Applications of the Nash double of a Nash manifold with corners

TL;DR

This paper explores properties and applications of Nash manifolds with corners, introducing a method to construct such manifolds from existing Nash manifolds and utilizing the Nash double concept for various geometric and topological applications.

Contribution

It introduces a novel construction of Nash manifolds with corners using folding along divisors and leverages the Nash double to facilitate multiple applications in semialgebraic geometry.

Findings

Constructed Nash manifolds with corners from Nash manifolds via folding.

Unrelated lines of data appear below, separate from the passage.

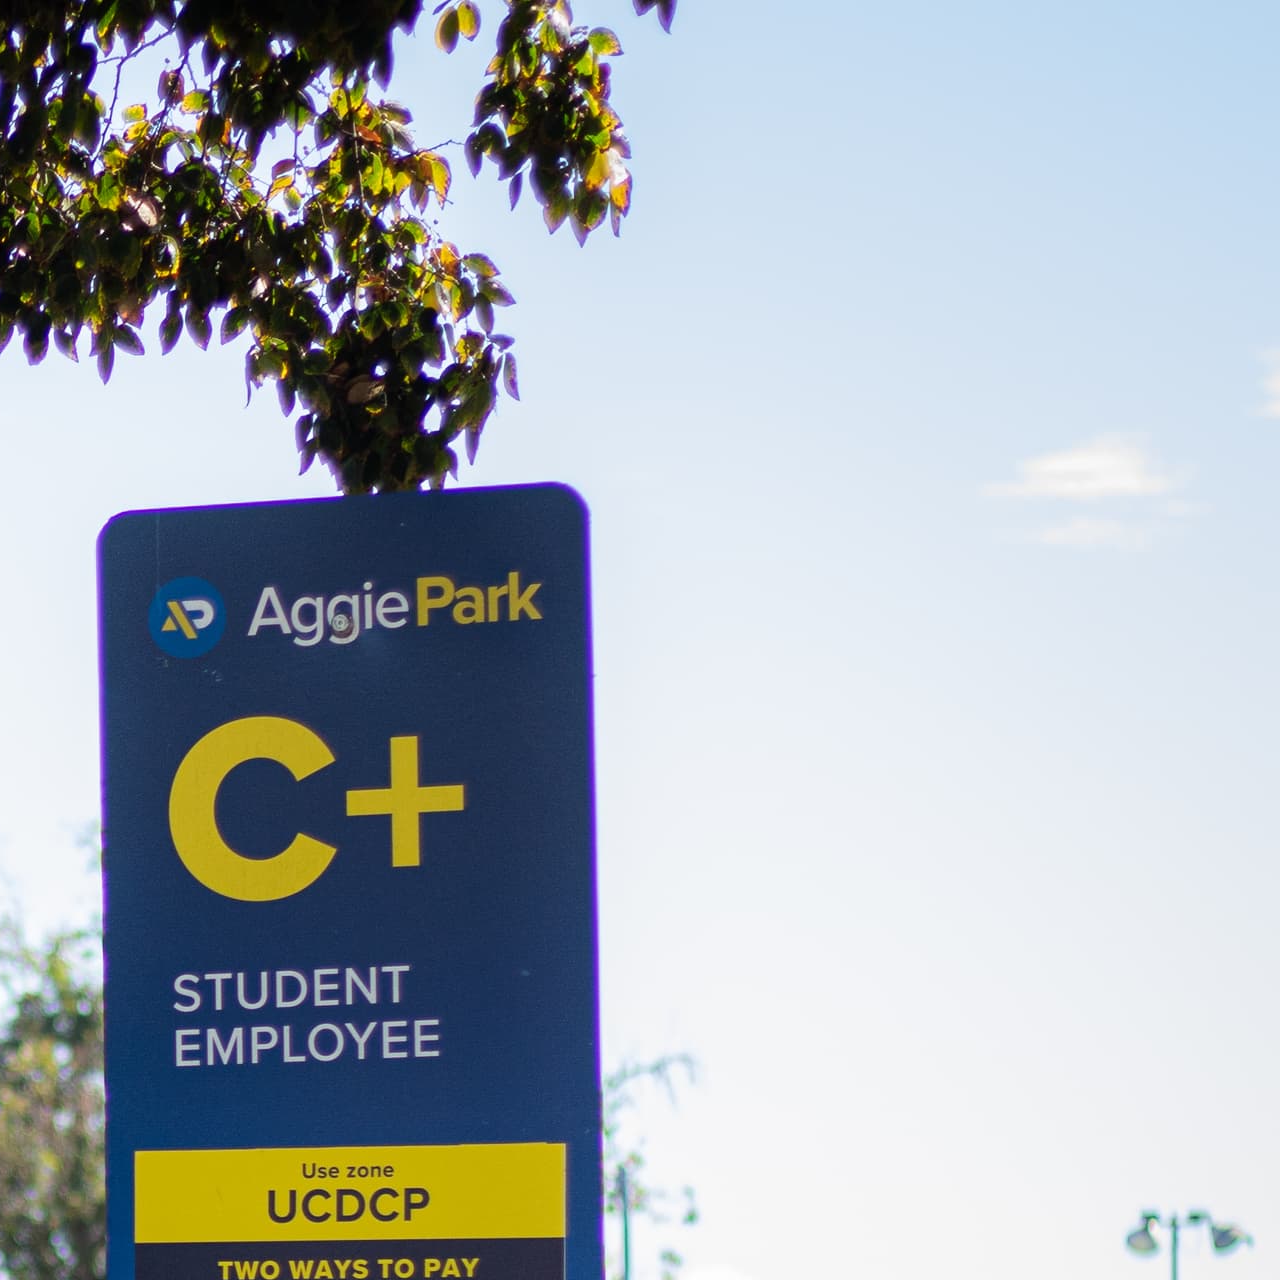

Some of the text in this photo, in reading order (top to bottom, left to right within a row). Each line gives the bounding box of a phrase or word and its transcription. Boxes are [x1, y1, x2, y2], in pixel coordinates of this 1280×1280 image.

[169, 717, 464, 901] C+
[173, 966, 410, 1012] STUDENT
[175, 1020, 440, 1066] EMPLOYEE
[302, 1163, 394, 1179] Use zone
[267, 1188, 430, 1223] UCDCP
[218, 1258, 479, 1280] TWO WAYS TO PAY

Demonstrated the use of Nash double in modeling and approximation.

Applied results to Nash ramified coverings, uniformization, and surface modeling.

Abstract

In this work we study some properties and applications of Nash manifolds with corners. Our first main result shows how to `build' a Nash manifold with corners ${\mathcal Q}\subset{\mathbb R}^n$ from a suitable Nash manifold $M\subset{\mathbb R}^n$ (of its same dimension), that contains ${\mathcal Q}$ as a closed subset, by folding $M$ along the irreducible components of a normal-crossings divisor of $M$ (the smallest Nash subset of $M$ that contains the boundary $\partial{\mathcal Q}$ of ${\mathcal Q}$). Our second main results shows that we can choose as the Nash manifold $M$ the Nash `double' $D({\mathcal Q})$ of ${\mathcal Q}$, which is the analogous to the Nash double of a Nash manifold with (smooth) boundary, but $D({\mathcal Q})$ takes into account the peculiarities of the boundary of a Nash manifold with corners. We propose several applications of the previous results: (1) Nash ramified coverings of closed semialgebraic sets, (2) Weak Nash uniformization of closed semialgebraic sets using Nash manifolds with (smooth) boundary, (3) Representation of compact semialgebraic sets connected by analytic paths as images under Nash maps of closed unit balls, (4) Explicit construction of Nash models for compact orientable smooth surfaces of genus $g\geq0$, and (5) Nash approximation of continuous semialgebraic maps whose target spaces are Nash manifolds with corners.